## YOUR TASK
Would you restate each entry word for word, omitting the pictures?

(Spatial localization data)

════

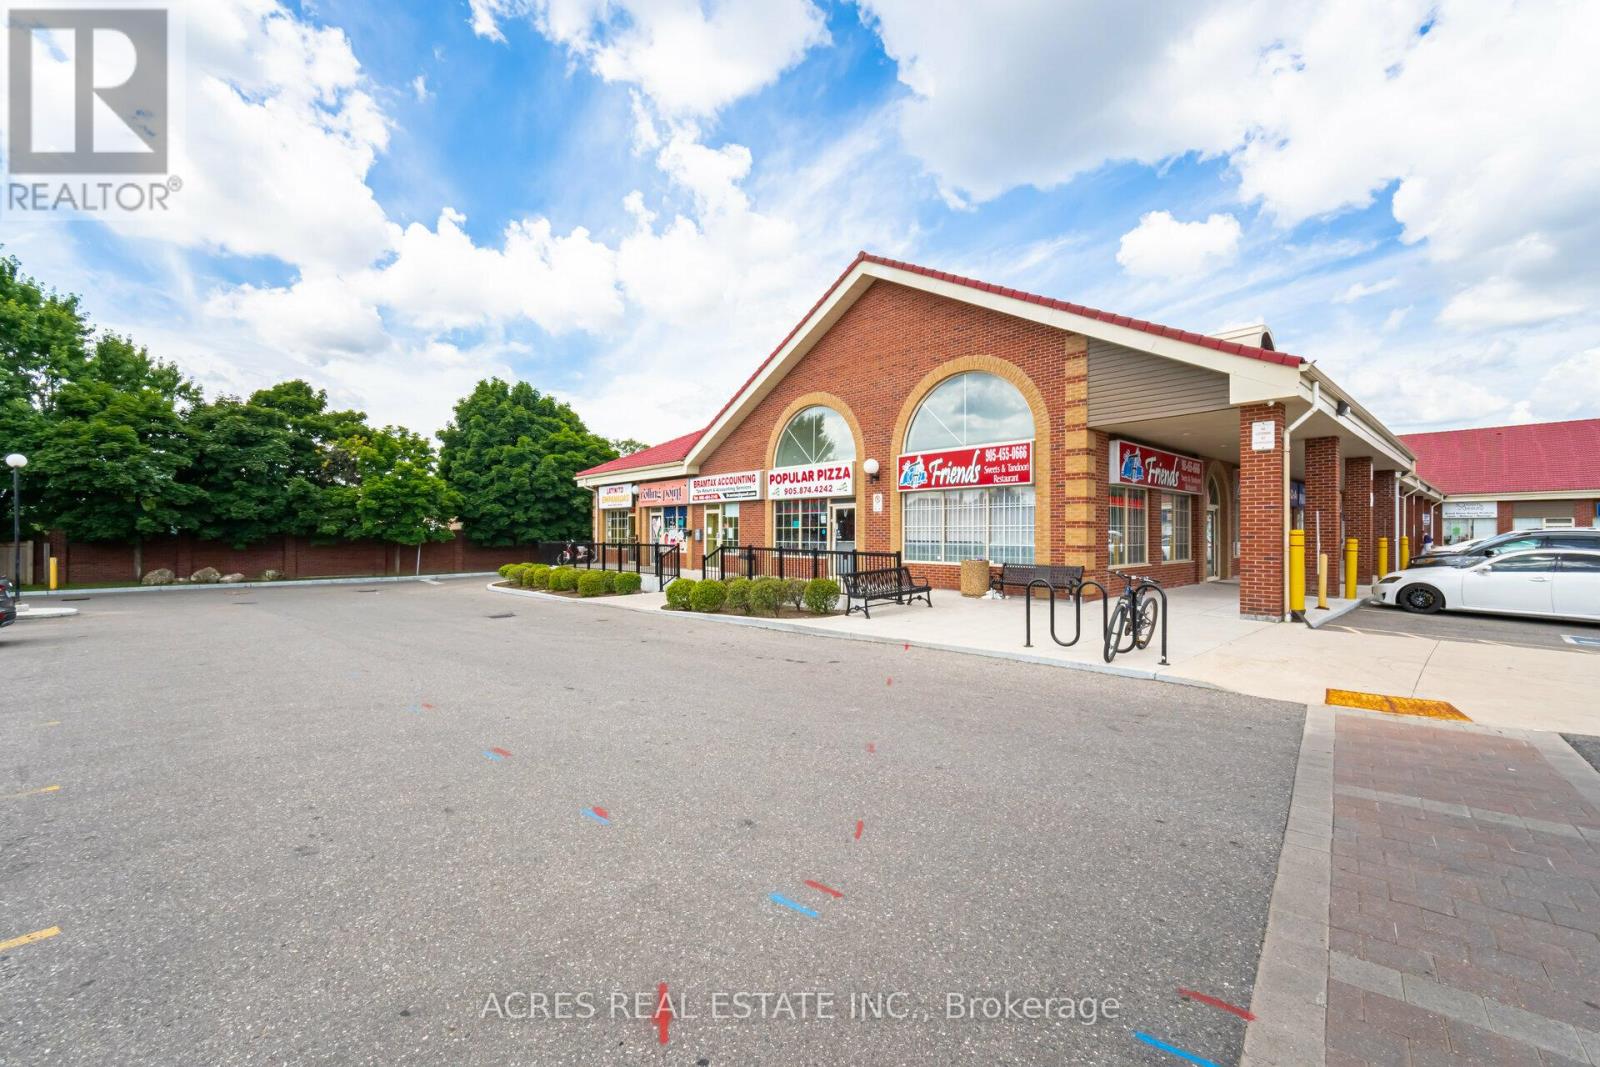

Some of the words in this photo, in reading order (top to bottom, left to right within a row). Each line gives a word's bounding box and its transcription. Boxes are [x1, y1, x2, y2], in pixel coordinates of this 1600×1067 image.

[929, 448, 981, 486] Friends
[984, 465, 1001, 474] Sweets
[1145, 456, 1180, 487] Friends
[693, 478, 717, 489] BRAMTAX
[718, 474, 756, 486] ACCOUNTING
[769, 470, 815, 485] POPULAR
[817, 467, 851, 481] PIZZA
[993, 475, 1019, 484] Restaurant
[784, 485, 833, 495] 905.874.4242

════

## TASK RESULT
Some of the words in this photo, in reading order (top to bottom, left to right within a row). Each line gives a word's bounding box and its transcription. Boxes are [x1, y1, x2, y2], in pixel coordinates of this 1600×1067 image.

[929, 448, 981, 486] Friends
[984, 465, 1001, 474] Sweets
[1145, 456, 1180, 487] Friends
[693, 478, 717, 489] BRAMTAX
[718, 474, 756, 486] ACCOUNTING
[769, 470, 815, 485] POPULAR
[817, 467, 851, 481] PIZZA
[993, 475, 1019, 484] Restaurant
[784, 485, 833, 495] 905.874.4242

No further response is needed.